All across the world, LEED projects are reaching new heights. From the tallest LEED certified building in the world—to one of the most iconic buildings ever constructed—some of the most epic skyscrapers in the world are providing breathtaking views, while also embracing green building practices. Check out some of the most iconic buildings below and learn about some of their unique sustainability features.

TAIPEI 101 - Taipei, Taiwan

Project Details: 1,667 feet high, 101 floors

TAIPEI 101 became the tallest LEED certified building in the world and a industry leader in green building when it received LEED Platinum certification for LEED for Existing Buildings: Operation and Maintenance in 2011. A model for resiliency, the building was designed to withstand typhoons and earthquakes. Green building practices include energy efficient retrofit projects that have generated impressive results, including an annual reduction in energy consumption by 33.41 million kWh, cost savings of more than US$2 million per year and savings of about 28 million liters of potable water annually. These projects have ensured the building's leadership in the green building sector: the ENERGY STAR® database reported that TAIPEI 101 ranks in the top 30% of high-rise office buildings in the world.

Kingkey 100 Tower - Shenzhen, China

Project Details: 1,449 feet high, 100 floors. (Photo Credit: Wikimedia Commons.)

The tallest building in Shenzen and the 14th tallest in the world, Kingkey 100 was awarded LEED Gold certification for LEED Building Design and Construction: Core and Shell in 2013. The building contains office space and a hotel and was designed as a green model for the city by providing a building where people can eat, work, live and play, reducing overall demands on transportation. Sustainability features include notable reductions in water use, including a 40% reduction in baseline indoor water use, a 50% reduction in wastewater generation and a 100% reduction in potable landscape water use.

Jin Mao Tower - Shanghai, China

Project Details: 1,380 feet high, 88 floors. (Photo Credit: Flickr Creative Commons user cdschock.)

Built in 1999, Jin Mao Tower became the longest-operating LEED existing building project in mainland China when it certified at the LEED Gold level in 2013. The project is unique because the building's design embodies a traditional Chinese architectural style, while still using the world's latest architectural technologies. Conservation efforts at the Tower have resulted in 70% of all durable goods being used or recycled, and a 70% diversion of waste resulting from facility alterations and additions.

Two International Finance Center - Hong Kong, China

Project Details: 1,352 feet high, 88 floors. (Photo Credit: Flickr Creative Commons user ADTeasdale.)

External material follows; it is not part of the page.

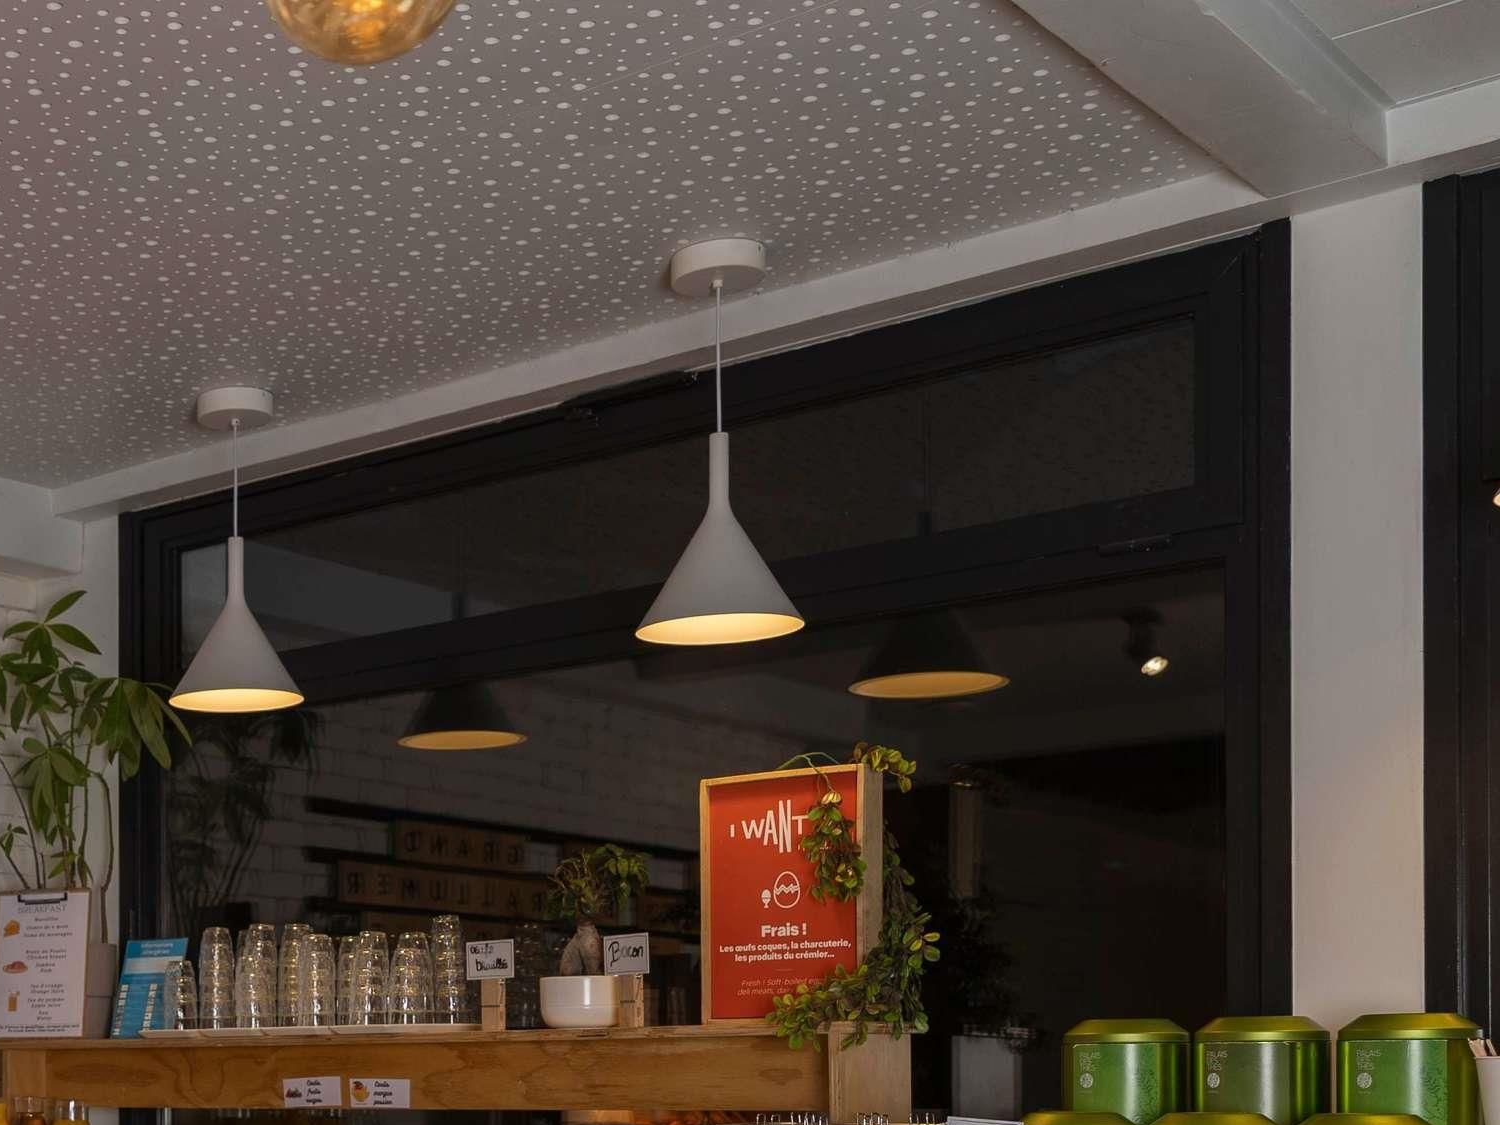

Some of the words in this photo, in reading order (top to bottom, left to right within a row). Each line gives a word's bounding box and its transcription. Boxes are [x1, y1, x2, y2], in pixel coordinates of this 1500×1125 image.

Two International Finance Center serves as an icon for Hong Kong, setting quality and performance benchmarks for commercial buildings in Asia and represents Hong Kong's position as one of the world's leading financial centers. It was awarded LEED for Existing Buildings: Operation and Maintenance Gold certification. A key design feature of the building is its unique, almost column-free floors with low-e glazing that maximize natural light, while also minimizing solar heat gain and noise intrusion.

Empire State Building - New York City, U.S.A.

Project Details: 1,250 feet high, 102 floors. (Photo Credit: Flickr Creative Commons user Grenn Beltz.)

The tallest and most well known building in the U.S. to receive LEED certification, the Empire State Building was awarded LEED Gold certification for LEED for Existing Buildings: Operation and Maintenance in 2011. To meet the needs of 21st Century businesses, the building underwent a renewal and repurposing project to meet modern energy conditions. The projects success has been impressive  and energy efficiency measures implemented in the building have generated energy savings that beat forecasts. In 2012, the building saved $2.3 million on energy costs and $2.4 million in 2011, toping estimated savings by 4% and 5%, respectively. The Empire State Building is also carbon-neutral: in 2011, Anthony Malkin of the Empire State Building Company agreed to buy carbon offsets totaling 55 million kilowatt hours per year of renewable energy to achieve this.